Kebuntuan Jimmy Butler dengan Miami Heat berakhir ketika Heat memperdagangkannya ke Golden State Warriors. (Gambar Jim Rassol / Imagn)

Bagi Harrison, cara termudah untuk memahami tantangan membangun budaya adalah dengan melihatnya dalam dua bagian yang berbeda dan berbeda: himpunan nilai-nilai bersama, diturunkan dari atas, adalah budaya “C besar”, sementara yang lainnya, interaksi sehari-hari, adalah budaya “C kecil C” perusahaan.

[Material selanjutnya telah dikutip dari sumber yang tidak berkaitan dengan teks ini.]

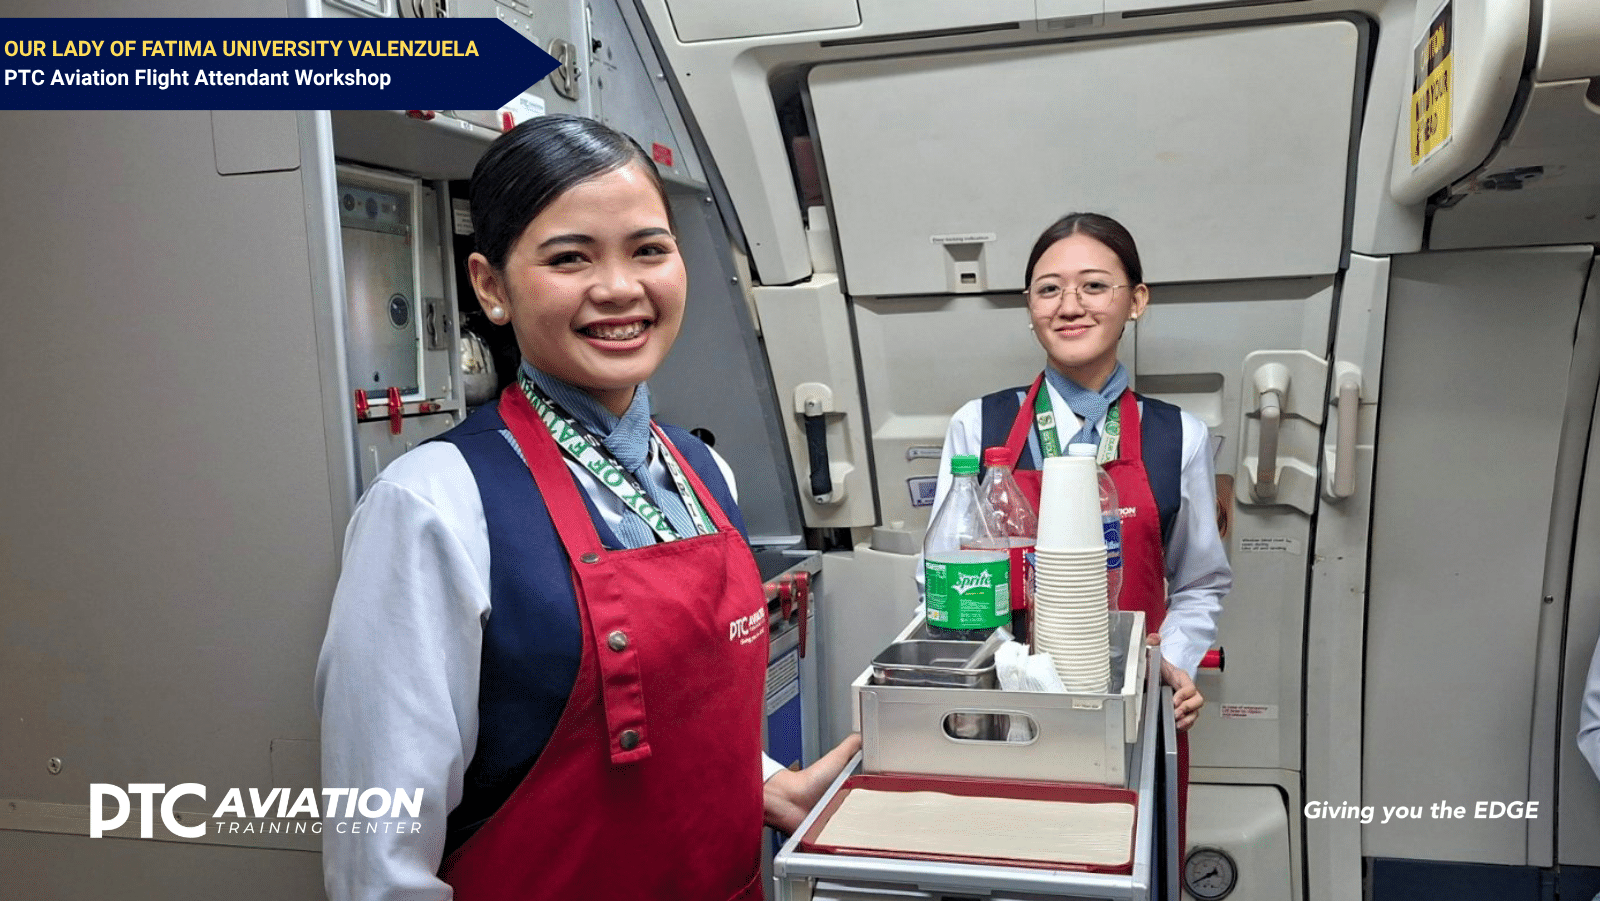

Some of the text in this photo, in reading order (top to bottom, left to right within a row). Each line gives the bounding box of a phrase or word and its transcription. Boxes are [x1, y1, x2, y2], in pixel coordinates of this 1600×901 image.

Dalam an Artikel yang diterbitkan tahun lalu di MIT Sloan Management ReviewProfesor Harrison dan Marquette Kristie Rogers menemukan bahwa perusahaan dengan budaya C kecil yang bersemangat dan beragam lebih inovatif dan kreatif. Salah satu alasan, kata Harrison, adalah bahwa perusahaan dengan budaya besar-C yang kuat sering kali merupakan merek lama dengan sejarah, tradisi, dan pemahaman yang kaku tentang bagaimana hal-hal yang harus dilakukan. Resep ini dapat menyebabkan budaya statis.

“Setiap kali ada perubahan besar di pasar atau lingkungan yang kompetitif, sangat sulit bagi organisasi -organisasi itu untuk merespons karena mereka telah dikunci dalam satu cara dalam melakukan sesuatu,” kata Harrison. “Jadi yang akhirnya terjadi adalah C Big mendominasi dan membunuh C kecil karena tidak ada yang mencoba mencoba sesuatu yang baru.”

Di ujung lain dari spektrum, organisasi dengan budaya C besar yang buruk – beberapa nilai yang dinyatakan atau misi yang diungkapkan dengan buruk – sering terpaut, menggunakan budaya sebagai kambing hitam untuk apa pun yang salah, dari akuisisi yang gagal hingga inisiatif strategis yang gagal.

Mudah, kata Harrison, untuk mengatakan sesuatu “tidak sesuai dengan budaya.”

Itu adalah skenario yang terlintas dalam pikiran setelah Dallas Mavericks menukar bintang muda Luka Dončić ke Los Angeles Lakers dengan Anthony Davis dan pilihan putaran pertama di masa depan, sebuah perdagangan yang mengejutkan NBA. Dončić, 25, memimpin Mavericks ke final NBA musim lalu dan merupakan salah satu pemain top liga. Manajer umum Mavericks Nico Harrison menekankan bahwa perdagangan itu, sebagian, tentang budaya.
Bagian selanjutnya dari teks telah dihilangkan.